SDOT city planners launched a first-of-a-kind public life study to collect “people-centered data.”
Last summer, when our urban planners launched SDOT’s first-ever public life study (pssst: this is the first ever for any municipal transportation agency in the country!), they weren’t exactly sure what they’d find. One thing we were certain of was its value.
We wanted to know how ordinary people like you and I used public spaces as part of their daily life in Seattle. So naturally, curiosity led our team to survey and observe the activities at sidewalks on 108 block faces across 38 Seattle neighborhoods at different times on various days of the week to examine how the public uses public spaces.
We released the results of the 2018 public life study online as open data and published a cool interactive dashboard and are eager to share it with you and communities around the world that are looking to adopt the new public life protocol to inform their city planning practices.
The study set out to measure how people are using public spaces across the city.
We’re incredibly excited about what we found but more thrilled about the super valuable “people-centered” data. This study will help us to design spaces based on observed need & to create spaces that foster more vibrancy while staying unique to a specific neighborhood’s style & flavor. And this is what we found.
Nearly one-in-ten people on public sidewalks ended up staying for some time, for a variety of reasons like waiting for public transportation and fiddling with their mobile devices.
Fifty-six percent of people lingering on our sidewalks exhibited extroverted behaviors that included one-on-one and group conversations, as well as active engagement with the social environment, including purchasing items from street vendors or watching street musicians.
Twenty-five percent were actively engaged in some type of commercial activity, such as dining at sidewalk cafés, window shopping or waiting in line at a food truck. This really shows the importance of sidewalks and public spaces that facilitate these types of neighboring businesses. #ShopLocal
As for people’s posture, surveyors found that only one-in-four people who hung out on public sidewalks actually sat in seating provided either for the public or restaurant patrons.

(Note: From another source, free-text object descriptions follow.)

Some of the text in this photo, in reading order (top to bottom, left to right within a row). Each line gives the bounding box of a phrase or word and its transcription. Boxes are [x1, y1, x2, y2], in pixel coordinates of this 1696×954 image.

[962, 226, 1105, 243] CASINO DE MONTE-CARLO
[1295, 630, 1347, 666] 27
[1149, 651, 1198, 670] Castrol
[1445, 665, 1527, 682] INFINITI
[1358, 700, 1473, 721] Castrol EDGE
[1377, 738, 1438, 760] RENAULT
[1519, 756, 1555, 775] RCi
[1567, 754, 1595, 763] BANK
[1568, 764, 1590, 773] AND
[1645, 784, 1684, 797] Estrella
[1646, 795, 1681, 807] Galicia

Sixty-one percent of observed public space users stood—whether that’s a preference or requirement given the amount of available seating provided, we aren’t sure. And 11 percent of those who decided to stay and hang out opted to either lean on nearby structures or use random objects as chairs for seating.
By documenting this type of information, we can identify areas where public seating is woefully needed, and yes, we can rule out placing additional seating in places where people just aren’t down for relaxing on public seats.

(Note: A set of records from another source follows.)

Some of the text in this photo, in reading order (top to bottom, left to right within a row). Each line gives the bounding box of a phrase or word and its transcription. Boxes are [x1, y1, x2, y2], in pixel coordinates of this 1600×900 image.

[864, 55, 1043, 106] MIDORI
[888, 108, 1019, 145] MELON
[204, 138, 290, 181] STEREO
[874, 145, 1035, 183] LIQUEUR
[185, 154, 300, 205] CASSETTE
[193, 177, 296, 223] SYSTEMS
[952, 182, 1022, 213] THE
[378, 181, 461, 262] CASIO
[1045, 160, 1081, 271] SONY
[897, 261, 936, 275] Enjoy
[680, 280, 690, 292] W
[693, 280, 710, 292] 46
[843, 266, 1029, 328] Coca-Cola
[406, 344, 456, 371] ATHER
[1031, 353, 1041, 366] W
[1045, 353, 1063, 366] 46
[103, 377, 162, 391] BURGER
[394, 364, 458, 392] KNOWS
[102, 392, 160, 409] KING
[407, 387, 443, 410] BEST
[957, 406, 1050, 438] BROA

The largest number of people in public spaces were observed in Seattle’s densest neighborhoods, engaged in a variety of activities depending on the neighborhood, day of the week, and time of day. The top five busiest neighborhoods surveyed were:
- Commercial core.
- Denny Triangle.
- Pioneer Square.
- South Lake Union.
With an honorable mention landing with lower density neighborhood/commercial districts—including Capitol Hill, Ballard, West Seattle Junction, Alki, and Pike/Pine. Each had nearly as many people hanging out at the top five.
This study helps us to design spaces based on observed need & to create spaces that foster more vibrancy while staying unique to a specific neighborhood’s style & flavor.
This type of bespoke planning can help the City spend more wisely on neighborhood investments by allocating resources where they’re most needed. One neighborhood’s overlooked art sculpture is another one’s lounge chair. You just never know! Well, now we actually do. . .
We’ll take action on the public life data by developing action plans in small study areas.
We hope to build on the initial dataset each year to help create the Department’s people-centered database, capturing more neighborhoods, block faces, and times of the day. We’ll use the data to develop action plans in small study areas either at the neighborhood scale or by block face. These action plans will help us to optimize public space design, possibly leading to more seating, larger spaces to congregate, or working with an adjacent landowner to engage with the street more. We also developed a new Guide For Data Collectors – a tool that can help community advocates strengthen advocacy efforts with data.
As you can tell from this guide – data collection is a lot of work. Sidewalk Labs recently announced a new mobile app to help automate this process through public engagement. Though the app is currently in beta mode, it could one day be a data collection tool in the palm of the public’s hand.